Reproduce the entries exactly as they appear below.
--- Data for analysis ---
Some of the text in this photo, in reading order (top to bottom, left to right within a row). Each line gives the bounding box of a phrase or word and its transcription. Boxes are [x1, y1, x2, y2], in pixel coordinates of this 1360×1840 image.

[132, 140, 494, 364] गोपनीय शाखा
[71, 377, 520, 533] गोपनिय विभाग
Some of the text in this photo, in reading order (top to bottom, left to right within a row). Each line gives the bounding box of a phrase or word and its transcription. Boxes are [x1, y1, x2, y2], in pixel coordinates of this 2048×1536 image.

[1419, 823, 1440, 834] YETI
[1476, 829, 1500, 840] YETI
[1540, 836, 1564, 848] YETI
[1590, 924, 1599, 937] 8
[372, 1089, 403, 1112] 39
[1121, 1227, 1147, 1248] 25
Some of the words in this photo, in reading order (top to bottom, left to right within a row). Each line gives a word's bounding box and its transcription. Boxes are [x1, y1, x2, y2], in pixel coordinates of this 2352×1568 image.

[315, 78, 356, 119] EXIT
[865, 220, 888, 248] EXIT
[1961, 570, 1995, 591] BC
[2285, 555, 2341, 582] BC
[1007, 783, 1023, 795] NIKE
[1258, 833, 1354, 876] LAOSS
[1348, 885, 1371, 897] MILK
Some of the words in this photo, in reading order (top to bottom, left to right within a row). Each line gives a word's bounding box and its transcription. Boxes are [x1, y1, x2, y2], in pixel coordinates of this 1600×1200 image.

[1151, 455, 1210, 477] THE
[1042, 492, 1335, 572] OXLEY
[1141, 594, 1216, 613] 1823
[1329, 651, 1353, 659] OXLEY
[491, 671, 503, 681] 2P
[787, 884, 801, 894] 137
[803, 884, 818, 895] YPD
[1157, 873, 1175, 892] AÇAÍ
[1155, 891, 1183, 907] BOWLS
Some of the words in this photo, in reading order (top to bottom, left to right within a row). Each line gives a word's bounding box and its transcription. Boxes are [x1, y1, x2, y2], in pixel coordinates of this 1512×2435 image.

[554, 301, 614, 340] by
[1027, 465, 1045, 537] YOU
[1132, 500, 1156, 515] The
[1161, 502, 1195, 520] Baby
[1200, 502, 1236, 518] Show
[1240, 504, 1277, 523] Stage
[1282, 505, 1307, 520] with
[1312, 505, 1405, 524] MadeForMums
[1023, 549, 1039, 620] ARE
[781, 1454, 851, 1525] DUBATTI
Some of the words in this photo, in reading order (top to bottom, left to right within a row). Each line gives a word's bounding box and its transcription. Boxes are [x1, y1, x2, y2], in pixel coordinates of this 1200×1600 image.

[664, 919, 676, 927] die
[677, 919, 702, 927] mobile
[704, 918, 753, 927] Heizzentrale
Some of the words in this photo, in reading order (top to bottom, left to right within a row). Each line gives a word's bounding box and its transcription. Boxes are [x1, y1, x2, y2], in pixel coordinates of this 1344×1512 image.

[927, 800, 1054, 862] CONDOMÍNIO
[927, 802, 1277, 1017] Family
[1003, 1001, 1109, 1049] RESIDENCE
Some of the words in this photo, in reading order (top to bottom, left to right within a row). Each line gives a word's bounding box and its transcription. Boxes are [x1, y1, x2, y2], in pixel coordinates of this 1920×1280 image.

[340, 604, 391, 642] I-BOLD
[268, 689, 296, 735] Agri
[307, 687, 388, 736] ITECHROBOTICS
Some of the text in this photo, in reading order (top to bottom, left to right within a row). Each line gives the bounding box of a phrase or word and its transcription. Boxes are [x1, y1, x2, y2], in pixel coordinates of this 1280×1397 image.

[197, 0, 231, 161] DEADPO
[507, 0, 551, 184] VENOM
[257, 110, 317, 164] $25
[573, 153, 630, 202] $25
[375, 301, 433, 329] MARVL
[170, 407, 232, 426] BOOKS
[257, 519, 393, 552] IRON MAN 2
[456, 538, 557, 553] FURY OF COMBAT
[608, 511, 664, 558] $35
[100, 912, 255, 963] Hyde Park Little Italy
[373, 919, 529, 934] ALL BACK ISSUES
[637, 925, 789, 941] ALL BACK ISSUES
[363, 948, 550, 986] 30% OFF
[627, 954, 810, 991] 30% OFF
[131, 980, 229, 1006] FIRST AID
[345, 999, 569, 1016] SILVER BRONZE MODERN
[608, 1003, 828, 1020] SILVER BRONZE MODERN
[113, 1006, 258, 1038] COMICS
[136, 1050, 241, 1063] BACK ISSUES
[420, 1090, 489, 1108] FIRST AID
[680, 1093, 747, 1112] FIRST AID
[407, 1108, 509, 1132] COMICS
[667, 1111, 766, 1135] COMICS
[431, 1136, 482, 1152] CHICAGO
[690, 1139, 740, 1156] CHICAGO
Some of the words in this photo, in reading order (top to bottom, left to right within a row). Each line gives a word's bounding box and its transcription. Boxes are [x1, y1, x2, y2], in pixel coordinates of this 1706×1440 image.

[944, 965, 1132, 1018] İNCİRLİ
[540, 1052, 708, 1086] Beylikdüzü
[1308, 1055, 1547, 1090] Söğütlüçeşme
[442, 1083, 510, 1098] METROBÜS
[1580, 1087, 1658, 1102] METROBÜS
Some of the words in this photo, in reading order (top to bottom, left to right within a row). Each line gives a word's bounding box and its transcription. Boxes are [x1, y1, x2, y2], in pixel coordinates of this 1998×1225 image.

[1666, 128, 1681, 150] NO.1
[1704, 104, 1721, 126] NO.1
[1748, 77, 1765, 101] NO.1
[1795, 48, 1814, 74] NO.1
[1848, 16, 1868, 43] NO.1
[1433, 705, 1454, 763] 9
---
(Completed task)
Some of the text in this photo, in reading order (top to bottom, left to right within a row). Each line gives the bounding box of a phrase or word and its transcription. Boxes are [x1, y1, x2, y2], in pixel coordinates of this 1360×1840 image.

[132, 140, 494, 364] गोपनीय शाखा
[71, 377, 520, 533] गोपनिय विभाग
Some of the text in this photo, in reading order (top to bottom, left to right within a row). Each line gives the bounding box of a phrase or word and its transcription. Boxes are [x1, y1, x2, y2], in pixel coordinates of this 2048×1536 image.

[1419, 823, 1440, 834] YETI
[1476, 829, 1500, 840] YETI
[1540, 836, 1564, 848] YETI
[1590, 924, 1599, 937] 8
[372, 1089, 403, 1112] 39
[1121, 1227, 1147, 1248] 25
Some of the words in this photo, in reading order (top to bottom, left to right within a row). Each line gives a word's bounding box and its transcription. Boxes are [x1, y1, x2, y2], in pixel coordinates of this 2352×1568 image.

[315, 78, 356, 119] EXIT
[865, 220, 888, 248] EXIT
[1961, 570, 1995, 591] BC
[2285, 555, 2341, 582] BC
[1007, 783, 1023, 795] NIKE
[1258, 833, 1354, 876] LAOSS
[1348, 885, 1371, 897] MILK
Some of the words in this photo, in reading order (top to bottom, left to right within a row). Each line gives a word's bounding box and its transcription. Boxes are [x1, y1, x2, y2], in pixel coordinates of this 1600×1200 image.

[1151, 455, 1210, 477] THE
[1042, 492, 1335, 572] OXLEY
[1141, 594, 1216, 613] 1823
[1329, 651, 1353, 659] OXLEY
[491, 671, 503, 681] 2P
[787, 884, 801, 894] 137
[803, 884, 818, 895] YPD
[1157, 873, 1175, 892] AÇAÍ
[1155, 891, 1183, 907] BOWLS
Some of the words in this photo, in reading order (top to bottom, left to right within a row). Each line gives a word's bounding box and its transcription. Boxes are [x1, y1, x2, y2], in pixel coordinates of this 1512×2435 image.

[554, 301, 614, 340] by
[1027, 465, 1045, 537] YOU
[1132, 500, 1156, 515] The
[1161, 502, 1195, 520] Baby
[1200, 502, 1236, 518] Show
[1240, 504, 1277, 523] Stage
[1282, 505, 1307, 520] with
[1312, 505, 1405, 524] MadeForMums
[1023, 549, 1039, 620] ARE
[781, 1454, 851, 1525] DUBATTI
Some of the words in this photo, in reading order (top to bottom, left to right within a row). Each line gives a word's bounding box and its transcription. Boxes are [x1, y1, x2, y2], in pixel coordinates of this 1200×1600 image.

[664, 919, 676, 927] die
[677, 919, 702, 927] mobile
[704, 918, 753, 927] Heizzentrale
Some of the words in this photo, in reading order (top to bottom, left to right within a row). Each line gives a word's bounding box and its transcription. Boxes are [x1, y1, x2, y2], in pixel coordinates of this 1344×1512 image.

[927, 800, 1054, 862] CONDOMÍNIO
[927, 802, 1277, 1017] Family
[1003, 1001, 1109, 1049] RESIDENCE
Some of the words in this photo, in reading order (top to bottom, left to right within a row). Each line gives a word's bounding box and its transcription. Boxes are [x1, y1, x2, y2], in pixel coordinates of this 1920×1280 image.

[340, 604, 391, 642] I-BOLD
[268, 689, 296, 735] Agri
[307, 687, 388, 736] ITECHROBOTICS
Some of the text in this photo, in reading order (top to bottom, left to right within a row). Each line gives the bounding box of a phrase or word and its transcription. Boxes are [x1, y1, x2, y2], in pixel coordinates of this 1280×1397 image.

[197, 0, 231, 161] DEADPO
[507, 0, 551, 184] VENOM
[257, 110, 317, 164] $25
[573, 153, 630, 202] $25
[375, 301, 433, 329] MARVL
[170, 407, 232, 426] BOOKS
[257, 519, 393, 552] IRON MAN 2
[456, 538, 557, 553] FURY OF COMBAT
[608, 511, 664, 558] $35
[100, 912, 255, 963] Hyde Park Little Italy
[373, 919, 529, 934] ALL BACK ISSUES
[637, 925, 789, 941] ALL BACK ISSUES
[363, 948, 550, 986] 30% OFF
[627, 954, 810, 991] 30% OFF
[131, 980, 229, 1006] FIRST AID
[345, 999, 569, 1016] SILVER BRONZE MODERN
[608, 1003, 828, 1020] SILVER BRONZE MODERN
[113, 1006, 258, 1038] COMICS
[136, 1050, 241, 1063] BACK ISSUES
[420, 1090, 489, 1108] FIRST AID
[680, 1093, 747, 1112] FIRST AID
[407, 1108, 509, 1132] COMICS
[667, 1111, 766, 1135] COMICS
[431, 1136, 482, 1152] CHICAGO
[690, 1139, 740, 1156] CHICAGO
Some of the words in this photo, in reading order (top to bottom, left to right within a row). Each line gives a word's bounding box and its transcription. Boxes are [x1, y1, x2, y2], in pixel coordinates of this 1706×1440 image.

[944, 965, 1132, 1018] İNCİRLİ
[540, 1052, 708, 1086] Beylikdüzü
[1308, 1055, 1547, 1090] Söğütlüçeşme
[442, 1083, 510, 1098] METROBÜS
[1580, 1087, 1658, 1102] METROBÜS
Some of the words in this photo, in reading order (top to bottom, left to right within a row). Each line gives a word's bounding box and its transcription. Boxes are [x1, y1, x2, y2], in pixel coordinates of this 1998×1225 image.

[1666, 128, 1681, 150] NO.1
[1704, 104, 1721, 126] NO.1
[1748, 77, 1765, 101] NO.1
[1795, 48, 1814, 74] NO.1
[1848, 16, 1868, 43] NO.1
[1433, 705, 1454, 763] 9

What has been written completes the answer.